Records for processing: Begin
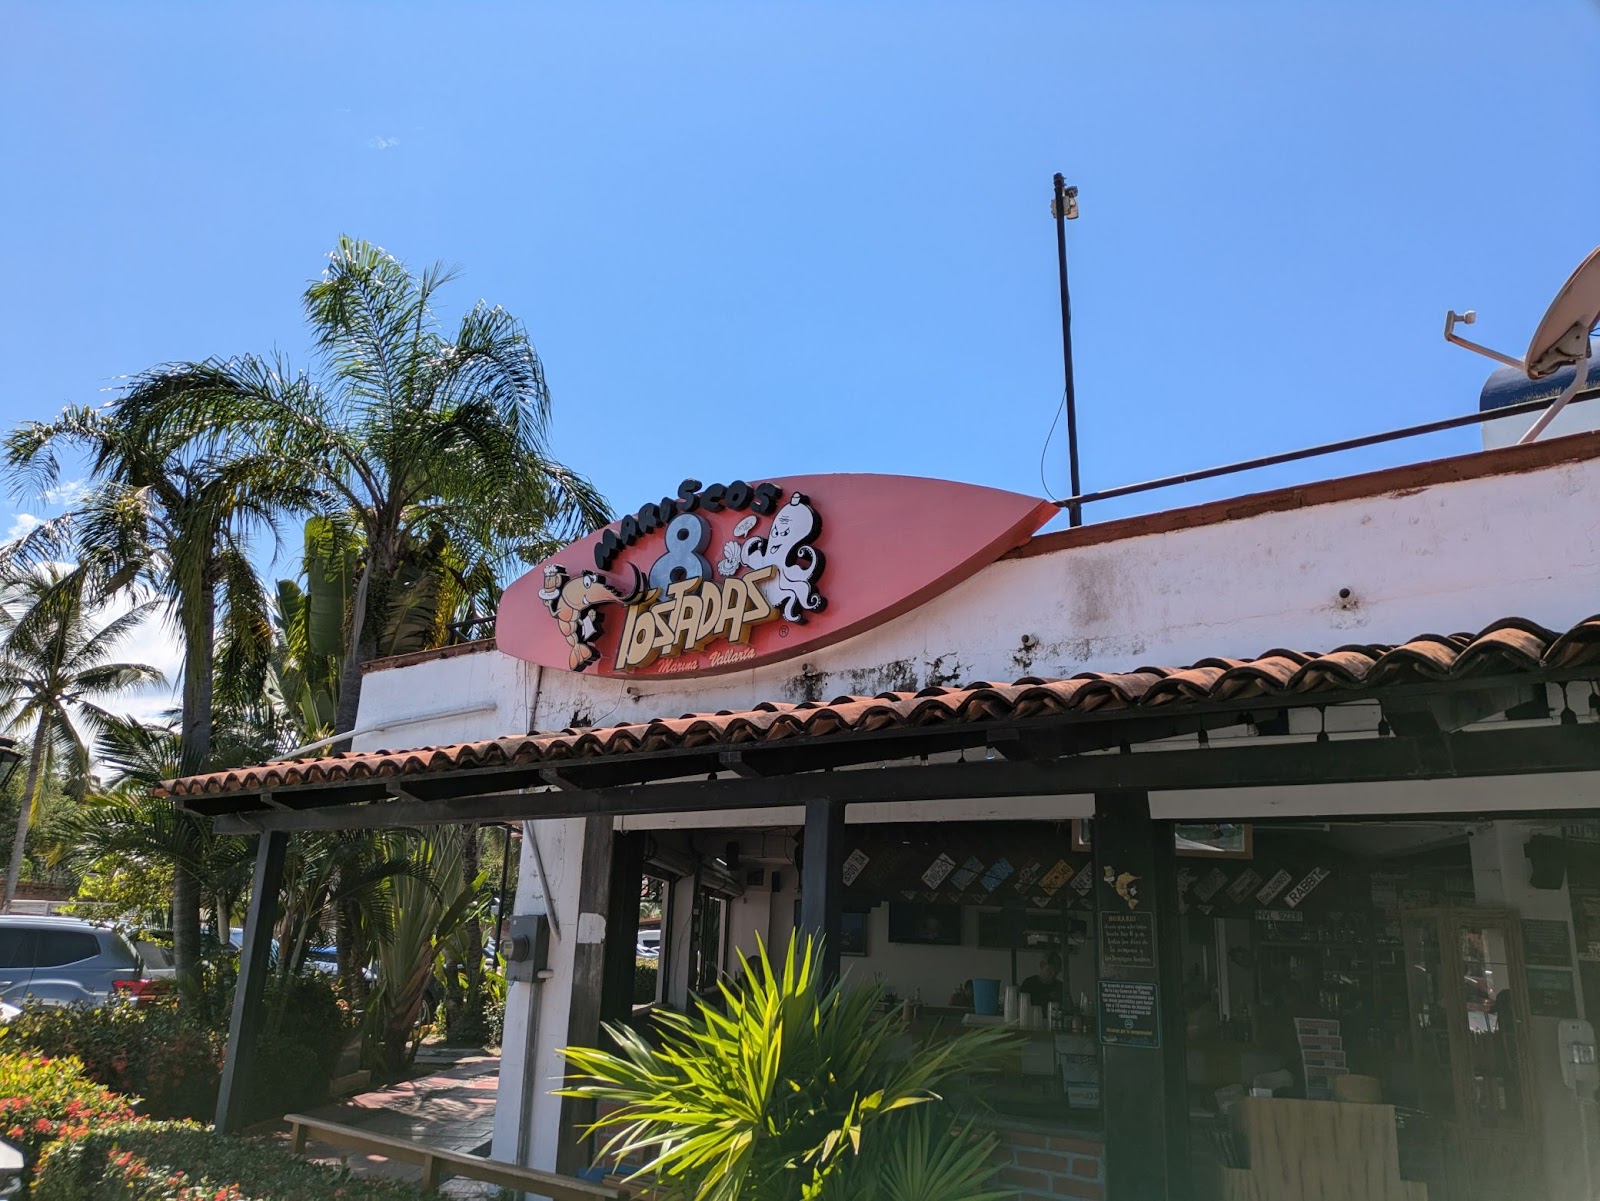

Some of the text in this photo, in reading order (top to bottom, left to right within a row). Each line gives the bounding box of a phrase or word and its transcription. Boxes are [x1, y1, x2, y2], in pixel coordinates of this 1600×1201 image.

[594, 478, 783, 571] MARISCOS
[649, 512, 712, 602] 8
[614, 564, 779, 670] TOSTADAS
[657, 647, 757, 673] Marina Vallarta
[1288, 869, 1322, 903] RABBIT
Records for processing: End
Exercise: No picture is to appear in the copy; every entry above is otherwise to be printed verbatim.

Response area:
Some of the text in this photo, in reading order (top to bottom, left to right within a row). Each line gives the bounding box of a phrase or word and its transcription. Boxes are [x1, y1, x2, y2], in pixel coordinates of this 1600×1201 image.

[594, 478, 783, 571] MARISCOS
[649, 512, 712, 602] 8
[614, 564, 779, 670] TOSTADAS
[657, 647, 757, 673] Marina Vallarta
[1288, 869, 1322, 903] RABBIT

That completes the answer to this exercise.